Emad Gad, a political analyst and member of the Egyptian Social Democratic Party, added that the army is purposefully attacking Copts to gain legitimacy from among the country’s Muslims.

“During the Maspero clashes, they made it look like the Christians were attacking the army, which is largely Muslim,” says Gad. “And they urged people to go protect the Muslim army.”

The army, says Gad, also allowed religious parties to enter the political scene, including Al-Jamaa Al-Islamiya.

“Even the man who assassinated President Anwar El-Sadat [Aboud El Zommor] now has a party,” fumed Gad. “They also allowed the Mujahadeen who were hiding in Afghanistan, Pakistan and Bosnia to return to Egypt. The whole point of this is to get the support of Islamists, a powerful faction, so that they can remain in power.”

Even Islamist parties, says Gad, have turned their back on Copts. Even though after the 18-day uprising they assured everyone that they want a civil state where all citizens will be equal, now they call for a Muslim state that applies the Sharia Law.

“They were only pretending and now they are showing their real face and using the ‘Islam is the solution’ slogan again,” says Gad.

There may also be another reason for the disturbing frequency of attacks on Copts.
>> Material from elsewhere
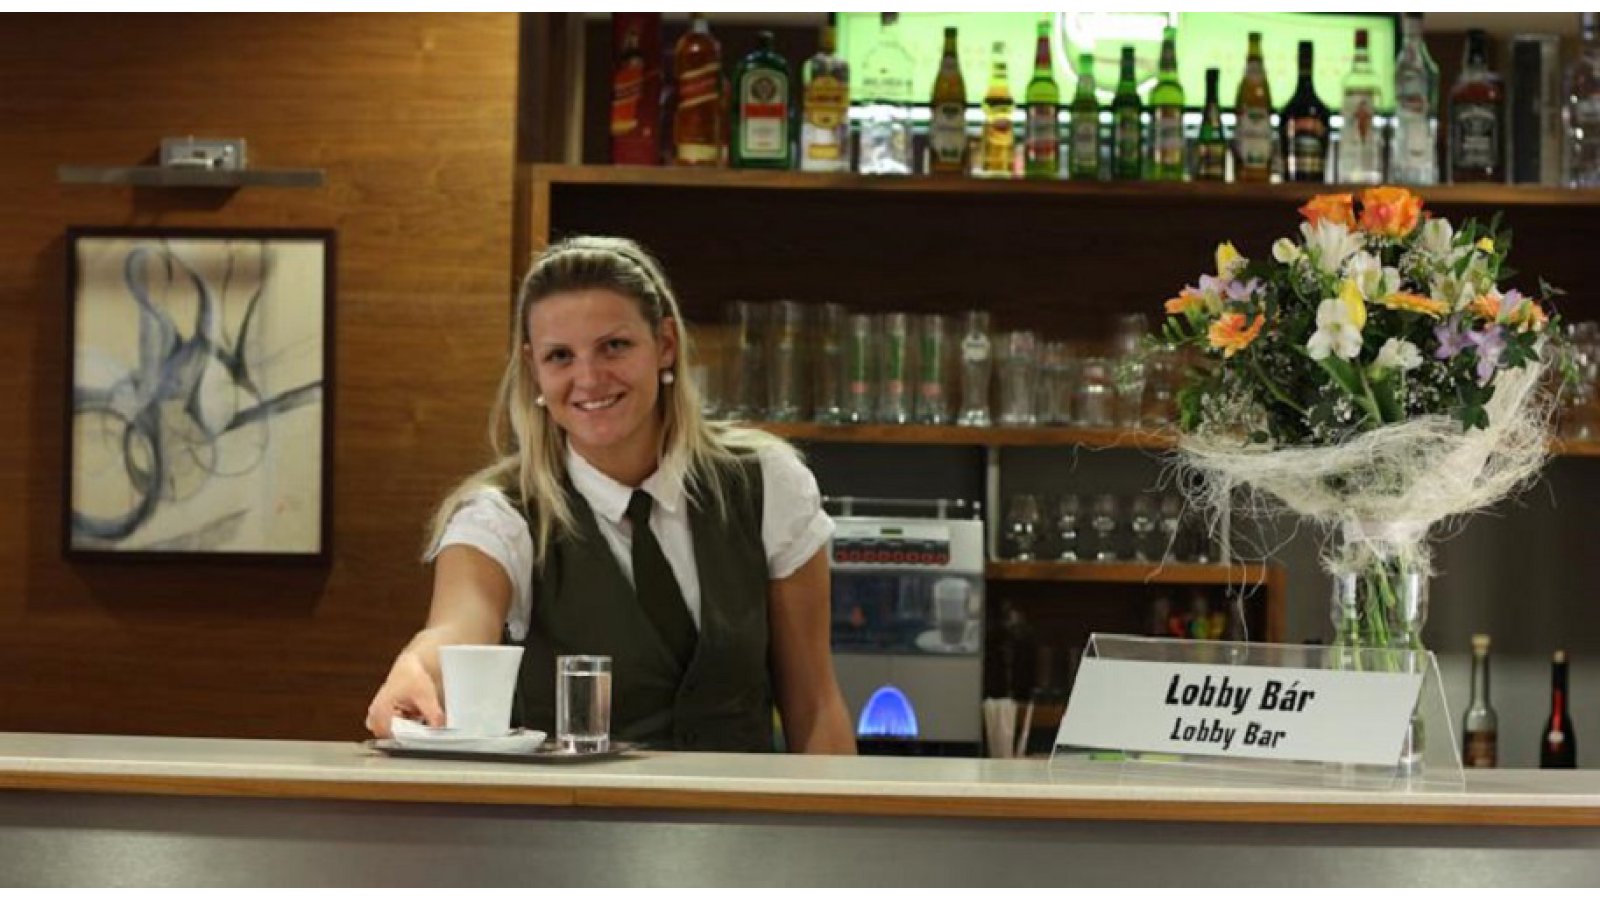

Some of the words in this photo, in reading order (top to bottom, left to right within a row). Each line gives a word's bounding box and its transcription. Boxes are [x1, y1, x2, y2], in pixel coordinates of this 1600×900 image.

[1165, 673, 1252, 715] Lobby
[1259, 680, 1315, 712] Bár
[1170, 717, 1236, 750] Lobby
[1243, 722, 1286, 748] Bar
According to Sameh Naguib, professor of sociology at the American University in Cairo, the SCAF is using the Copts to send a warning message to other factions in the country. Egypt, he says, witnessed its biggest workers’ strikes in history during the last few months, causing the military council to panic.

“But can they massacre the members of the public transport strike?” asked Naguib. “No, that could result in an even bigger strike by the country’s entire workforce. So they decided to attack the Copts, because they are the weak and vulnerable group in society and (can) use that attack as a warning signal to everyone else.”

All this has made many Copts feel even more alienated. Already thousands have packed their bags and left the country, while others are disappointed and disillusioned.

With the pain of his friend’s death still raw, Beshoy feels that he has no fight left in him. But, he says, he will continue in the struggle, at least so that his friend’s death will not be in vain.

“I will do it for Mina,” says Beshoy. “Even if this world is filled with injustice, the Copts will not live on their knees with their heads bowed. No, we will fight and fight and fight.”

And in an act of defiance, Beshoy, decided to do his friend one last favour.

“Mina always told us that if he is ever killed in a protest, he wants a funeral march to Tahrir Square, because that’s where it all started and that’s the last time we were happy,” says Beshoy.

However, while walking to the square, Mina’s funeral march was attacked.

“It didn’t matter,” smiles Beshoy. “We held Mina’s coffin and continued walking. We let him say goodbye to the place he loved best, Tahrir Square.”